The DOE did not respond directly to questions about this school’s lack of reporting, but the spokesperson said the department “reports any data received from school districts and does not make a practice of not publishing it.”
Ben Jones, director of legal and policy initiatives for Lives in the Balance, a Maine-based nonprofit that works with schools to reduce restraint and seclusion, said it’s important for the department to explain what happens when schools like the regional program collect data but don’t report it to the state.
“We still don’t have a true sense of the scope of using these dangerous practices, so this, to me, points the spotlight back at reporting and collecting,” he said. “So what more is DOE doing to ensure the completeness of the data, the completeness of this picture?”
Few districts regularly report data
This underreporting casts doubt on the apparent progress Maine has made in relying less on these practices in the wake of a 2021 law, which specified restraint and seclusion should only be used in emergency situations.
The law was intended to reduce the use of emergency behavioral interventions that are known to be traumatic — particularly for students with disabilities, who are disproportionately affected.
“It’s very difficult to tell if the numbers went down or up after the law change because of underreporting,” Jones said.
In the 2022-23 school year, Maine schools reported 44% fewer incidents of restraint and seclusion in schools than it did four years earlier. But only 140 of Maine’s 300-plus school administrative units submitted their data for that school year. In 2018-19, that number was 213.

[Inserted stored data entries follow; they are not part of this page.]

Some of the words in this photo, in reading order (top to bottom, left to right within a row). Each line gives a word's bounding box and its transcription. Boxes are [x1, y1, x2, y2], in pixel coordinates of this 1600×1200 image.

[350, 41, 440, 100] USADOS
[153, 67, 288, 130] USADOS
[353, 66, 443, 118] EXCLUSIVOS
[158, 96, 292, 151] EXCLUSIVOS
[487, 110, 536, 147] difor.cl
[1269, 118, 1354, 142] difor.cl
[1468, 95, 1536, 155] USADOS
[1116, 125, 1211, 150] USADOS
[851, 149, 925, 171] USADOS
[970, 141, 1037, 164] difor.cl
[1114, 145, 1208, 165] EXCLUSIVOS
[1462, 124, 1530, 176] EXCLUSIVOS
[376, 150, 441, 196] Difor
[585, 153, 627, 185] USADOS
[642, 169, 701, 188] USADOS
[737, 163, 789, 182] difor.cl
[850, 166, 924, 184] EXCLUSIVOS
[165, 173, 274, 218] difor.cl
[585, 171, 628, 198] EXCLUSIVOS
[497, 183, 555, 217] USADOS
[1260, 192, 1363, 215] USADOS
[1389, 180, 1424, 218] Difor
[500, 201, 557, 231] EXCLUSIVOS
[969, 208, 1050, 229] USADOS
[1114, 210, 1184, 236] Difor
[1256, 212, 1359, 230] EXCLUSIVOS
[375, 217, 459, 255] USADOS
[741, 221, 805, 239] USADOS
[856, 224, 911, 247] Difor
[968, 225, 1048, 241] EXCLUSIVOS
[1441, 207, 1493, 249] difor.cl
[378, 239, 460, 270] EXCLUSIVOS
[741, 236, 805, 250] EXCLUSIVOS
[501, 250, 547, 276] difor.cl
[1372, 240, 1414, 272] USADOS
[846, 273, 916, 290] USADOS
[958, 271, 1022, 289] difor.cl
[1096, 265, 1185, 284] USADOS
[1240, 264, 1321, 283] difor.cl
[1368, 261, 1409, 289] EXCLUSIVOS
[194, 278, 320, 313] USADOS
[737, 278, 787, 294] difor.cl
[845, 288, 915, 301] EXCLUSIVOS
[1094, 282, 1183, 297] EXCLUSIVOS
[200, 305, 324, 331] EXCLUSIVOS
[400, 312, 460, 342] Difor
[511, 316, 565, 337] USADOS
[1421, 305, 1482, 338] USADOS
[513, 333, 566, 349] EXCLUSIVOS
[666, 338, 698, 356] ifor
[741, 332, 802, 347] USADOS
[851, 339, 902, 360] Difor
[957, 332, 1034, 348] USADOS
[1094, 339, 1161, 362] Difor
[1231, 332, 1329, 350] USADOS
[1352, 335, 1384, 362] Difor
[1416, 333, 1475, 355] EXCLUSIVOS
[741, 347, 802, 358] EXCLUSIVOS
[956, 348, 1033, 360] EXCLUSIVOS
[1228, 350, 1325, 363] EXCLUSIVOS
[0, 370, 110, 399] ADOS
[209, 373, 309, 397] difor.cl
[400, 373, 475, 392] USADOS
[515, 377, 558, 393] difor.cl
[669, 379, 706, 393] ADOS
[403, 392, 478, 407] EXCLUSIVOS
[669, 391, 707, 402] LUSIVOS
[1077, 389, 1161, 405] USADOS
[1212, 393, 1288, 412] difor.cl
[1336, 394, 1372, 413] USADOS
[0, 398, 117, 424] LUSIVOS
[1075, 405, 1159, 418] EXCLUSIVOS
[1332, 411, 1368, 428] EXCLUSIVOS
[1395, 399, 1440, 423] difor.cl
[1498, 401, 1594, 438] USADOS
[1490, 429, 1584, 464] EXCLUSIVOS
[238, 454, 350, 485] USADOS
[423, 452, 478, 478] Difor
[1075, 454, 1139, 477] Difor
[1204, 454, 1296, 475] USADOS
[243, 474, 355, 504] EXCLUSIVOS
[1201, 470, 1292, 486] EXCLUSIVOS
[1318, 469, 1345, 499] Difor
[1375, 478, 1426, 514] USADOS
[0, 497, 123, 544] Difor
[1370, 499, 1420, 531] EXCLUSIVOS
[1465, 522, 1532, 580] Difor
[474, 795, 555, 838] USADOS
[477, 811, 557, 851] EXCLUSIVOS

I don’t want anyone to think that people in schools are just wanting to put hands on kids. Because it’s traumatic, it’s not good. However, there are times, when for the safety of an individual student or others around that individual, it becomes necessary to restrain or seclude.
– Superintendent Clay Gleason, Maine School Administrative District 6
Only 24 districts have submitted restraint and seclusion data every year for the last decade, a Maine Morning Star analysis found.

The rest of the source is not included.